**Task to carry out**
Without including any pictures, reproduce all the lines below word for word.

**Source material**

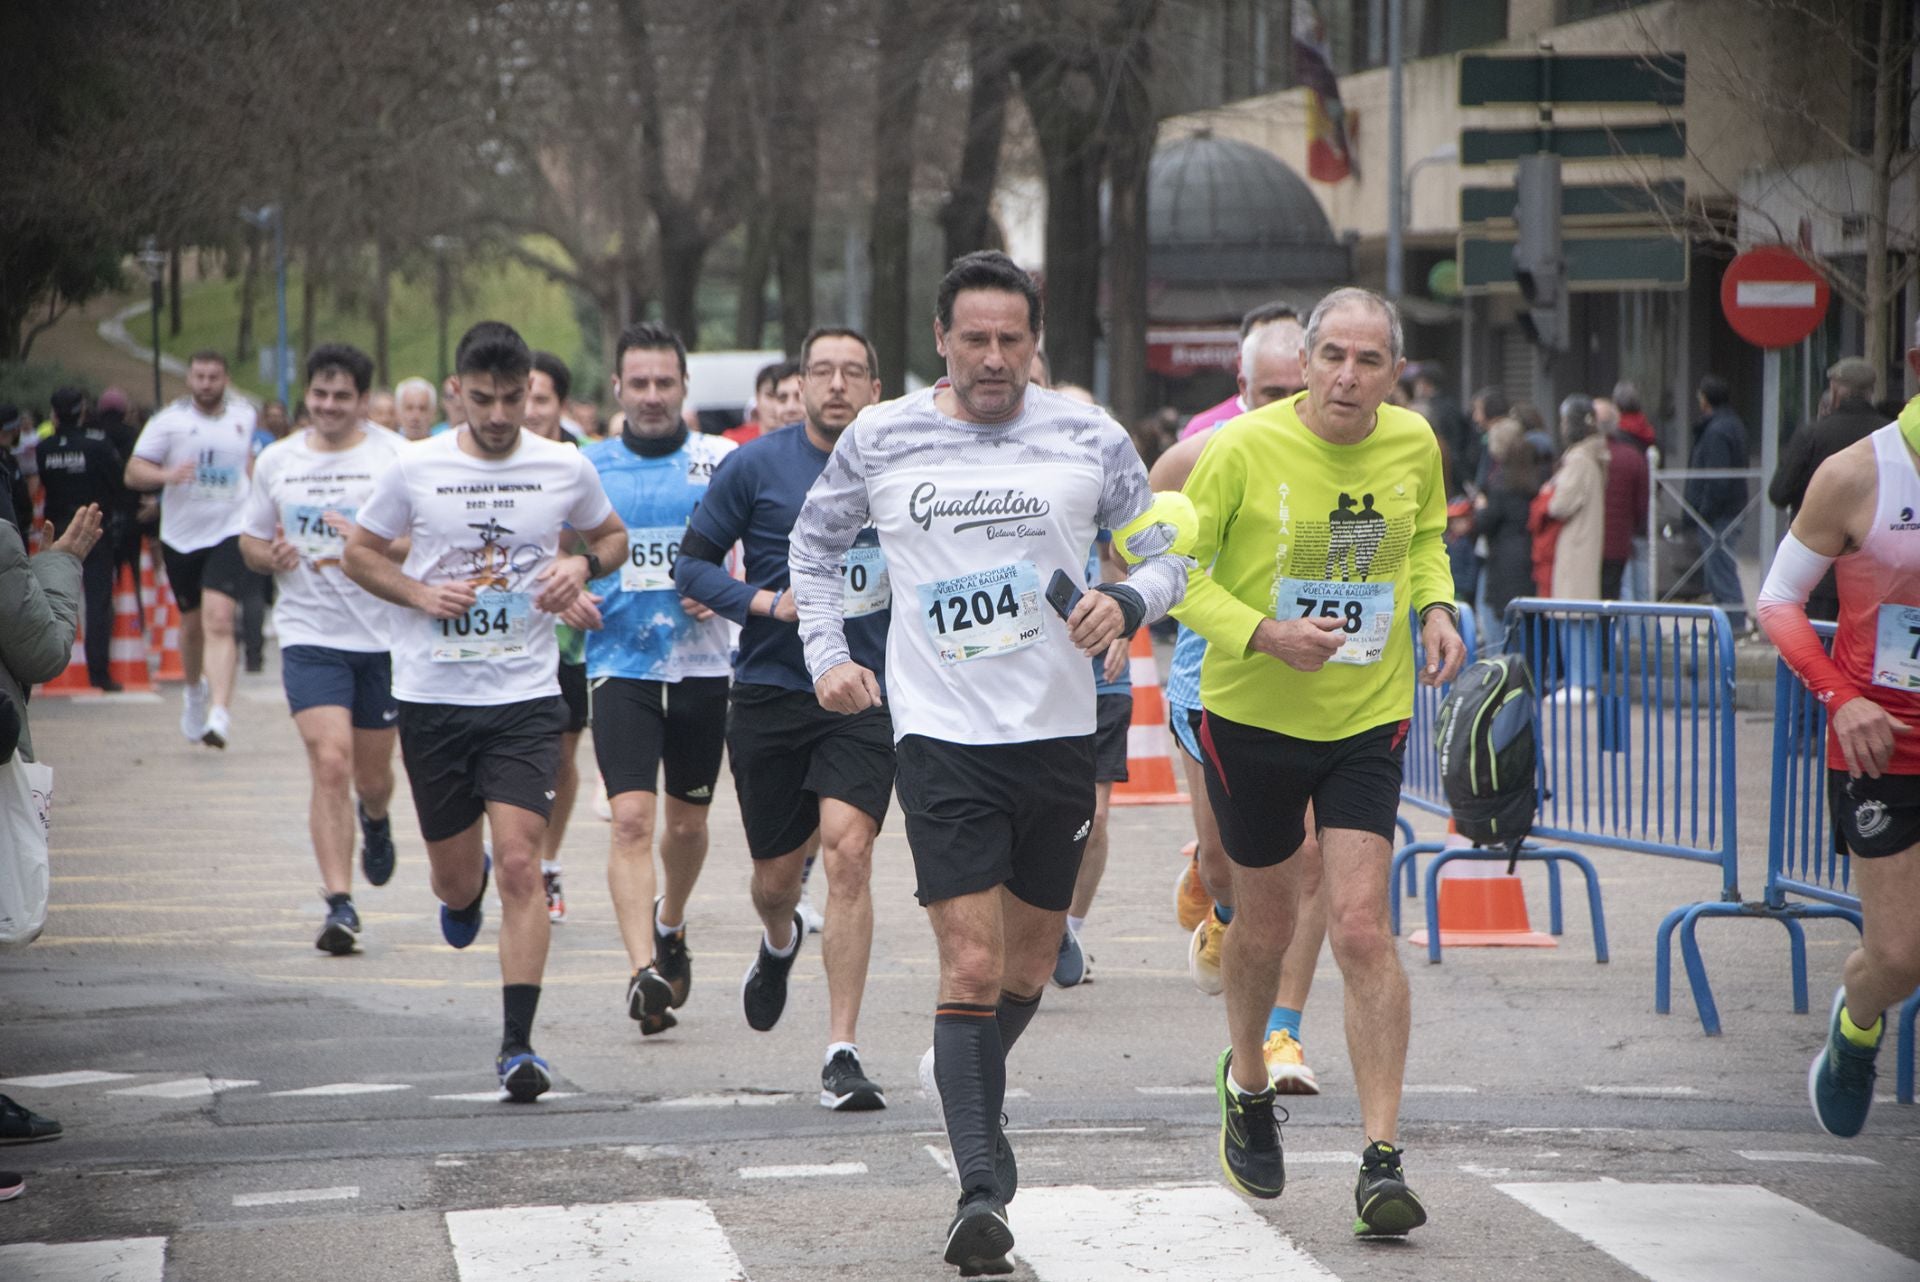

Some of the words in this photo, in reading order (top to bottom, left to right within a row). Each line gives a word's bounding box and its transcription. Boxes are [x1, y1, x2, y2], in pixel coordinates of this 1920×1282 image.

[436, 484, 494, 494] NOVATADAS
[497, 484, 542, 493] MEDICINA
[909, 481, 1050, 531] Guadiatón
[1278, 482, 1290, 536] ATLETA
[986, 525, 1016, 540] Octava
[1017, 524, 1046, 538] Edición
[632, 542, 680, 567] 656
[937, 583, 965, 595] VUELTA
[967, 580, 977, 588] AL
[979, 570, 1018, 585] BALUARTE
[949, 574, 978, 585] CROSS
[980, 565, 1016, 578] POPULAR
[1303, 587, 1331, 595] VUELTA
[929, 584, 1019, 634] 1204
[1296, 598, 1363, 634] 758
[437, 608, 509, 637] 1034
[1020, 627, 1040, 641] HOY
[1366, 648, 1382, 658] HOY
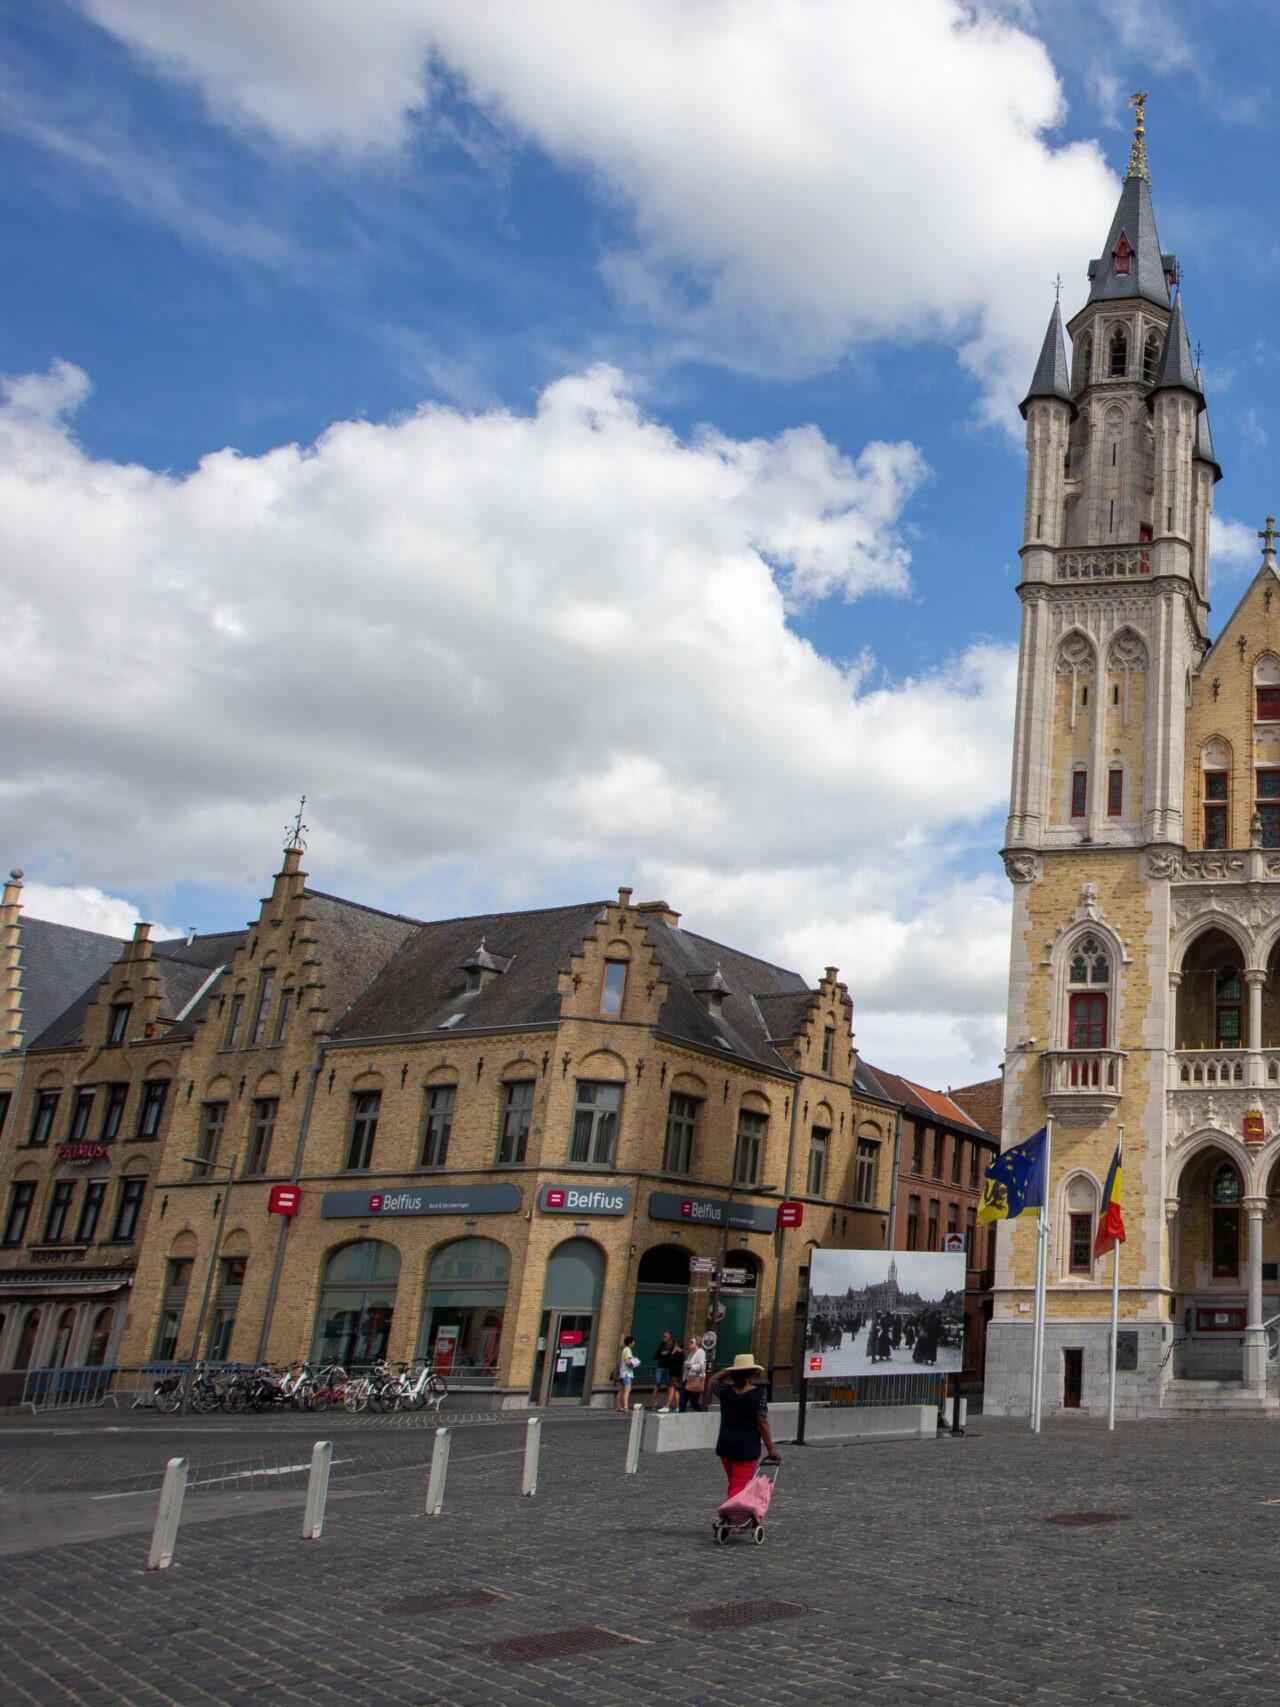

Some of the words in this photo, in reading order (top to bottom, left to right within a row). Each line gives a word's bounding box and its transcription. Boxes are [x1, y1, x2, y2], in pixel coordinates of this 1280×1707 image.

**Response box**
Some of the words in this photo, in reading order (top to bottom, left to right within a row). Each line gives a word's bounding box and its transcription. Boxes are [x1, y1, x2, y2], in pixel coordinates of this 1920×1282 image.

[436, 484, 494, 494] NOVATADAS
[497, 484, 542, 493] MEDICINA
[909, 481, 1050, 531] Guadiatón
[1278, 482, 1290, 536] ATLETA
[986, 525, 1016, 540] Octava
[1017, 524, 1046, 538] Edición
[632, 542, 680, 567] 656
[937, 583, 965, 595] VUELTA
[967, 580, 977, 588] AL
[979, 570, 1018, 585] BALUARTE
[949, 574, 978, 585] CROSS
[980, 565, 1016, 578] POPULAR
[1303, 587, 1331, 595] VUELTA
[929, 584, 1019, 634] 1204
[1296, 598, 1363, 634] 758
[437, 608, 509, 637] 1034
[1020, 627, 1040, 641] HOY
[1366, 648, 1382, 658] HOY

Some of the words in this photo, in reading order (top to bottom, left to right within a row). Each line gives a word's bounding box and its transcription. Boxes are [x1, y1, x2, y2], in pixel coordinates of this 1280×1707 image.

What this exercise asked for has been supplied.